Saved data entries
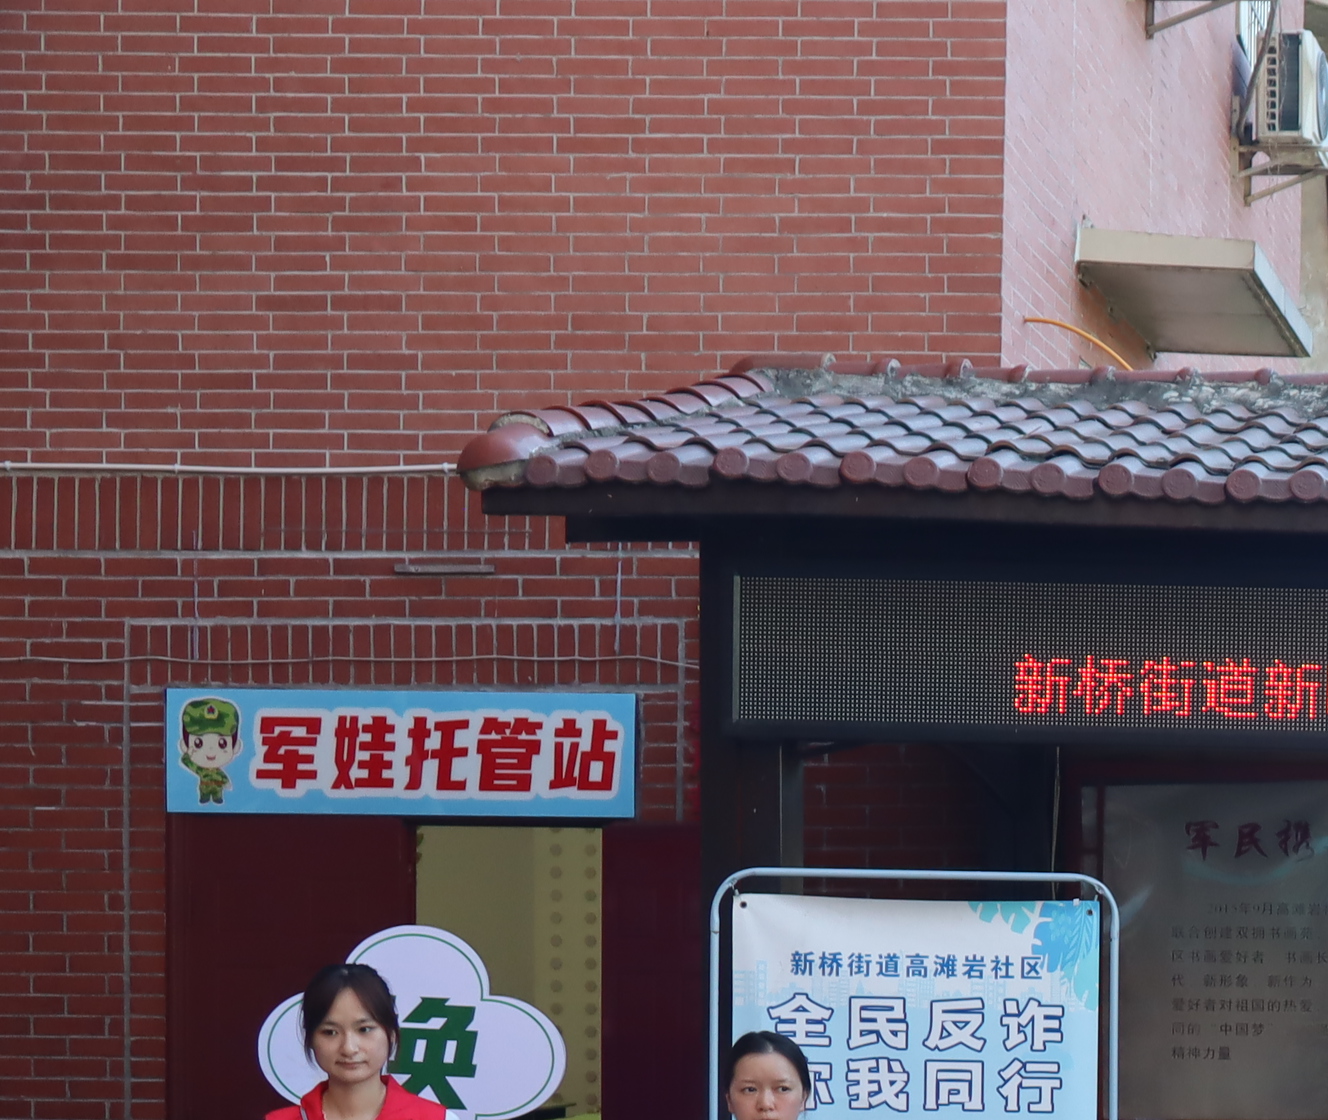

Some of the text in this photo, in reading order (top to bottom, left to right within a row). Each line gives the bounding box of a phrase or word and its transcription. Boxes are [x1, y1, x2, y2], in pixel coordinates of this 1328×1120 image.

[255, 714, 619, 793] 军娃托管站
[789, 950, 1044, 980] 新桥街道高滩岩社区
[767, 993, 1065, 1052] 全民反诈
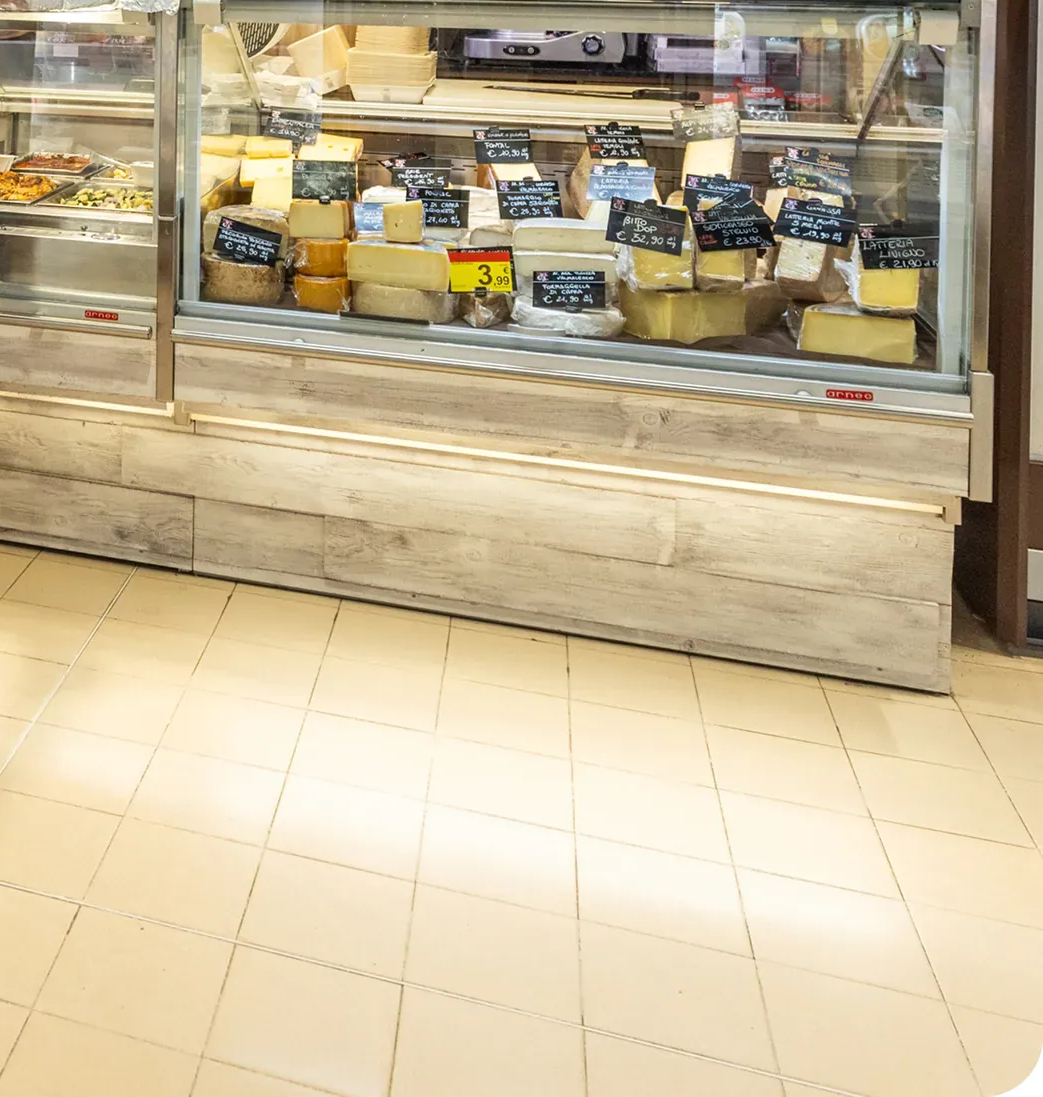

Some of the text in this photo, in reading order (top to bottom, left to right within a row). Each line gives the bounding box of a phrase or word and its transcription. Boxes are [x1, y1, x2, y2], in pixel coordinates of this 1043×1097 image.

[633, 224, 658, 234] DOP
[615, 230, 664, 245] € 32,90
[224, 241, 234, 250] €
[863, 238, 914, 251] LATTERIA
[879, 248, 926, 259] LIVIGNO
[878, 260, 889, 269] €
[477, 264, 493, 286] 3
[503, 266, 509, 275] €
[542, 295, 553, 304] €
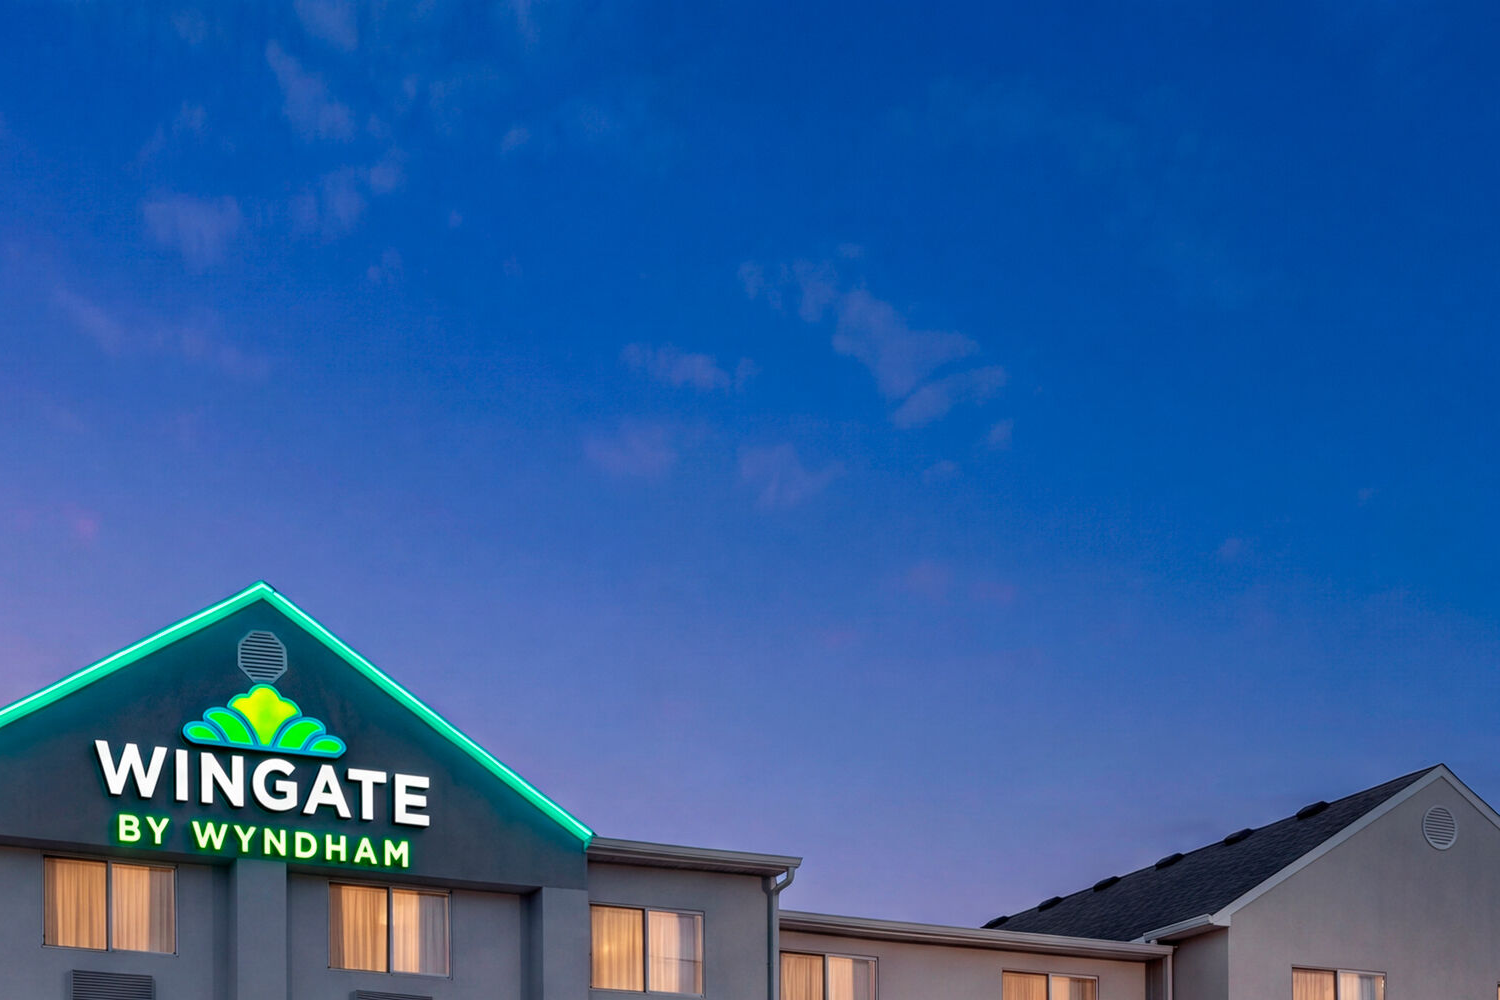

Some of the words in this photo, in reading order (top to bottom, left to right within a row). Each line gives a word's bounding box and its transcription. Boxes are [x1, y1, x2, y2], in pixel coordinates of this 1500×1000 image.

Your instructions: Could you reproduce every record above exactly, leaving out any pictures?

Result of the exercise:
Some of the text in this photo, in reading order (top to bottom, left to right within a row). Each line gives the bounding box of a phrase or word and its transcription. Boxes are [x1, y1, x2, y2], in pixel coordinates of this 1328×1120 image.

[255, 714, 619, 793] 军娃托管站
[789, 950, 1044, 980] 新桥街道高滩岩社区
[767, 993, 1065, 1052] 全民反诈

Some of the text in this photo, in reading order (top to bottom, left to right within a row). Each line gives the bounding box of a phrase or word and its transcription. Boxes are [x1, y1, x2, y2], in pixel coordinates of this 1043×1097 image.

[633, 224, 658, 234] DOP
[615, 230, 664, 245] € 32,90
[224, 241, 234, 250] €
[863, 238, 914, 251] LATTERIA
[879, 248, 926, 259] LIVIGNO
[878, 260, 889, 269] €
[477, 264, 493, 286] 3
[503, 266, 509, 275] €
[542, 295, 553, 304] €

Some of the words in this photo, in reading order (top to bottom, left to right within a row). Each line gives a word's bounding box and its transcription. Boxes are [x1, y1, x2, y2], in pixel coordinates of this 1500×1000 image.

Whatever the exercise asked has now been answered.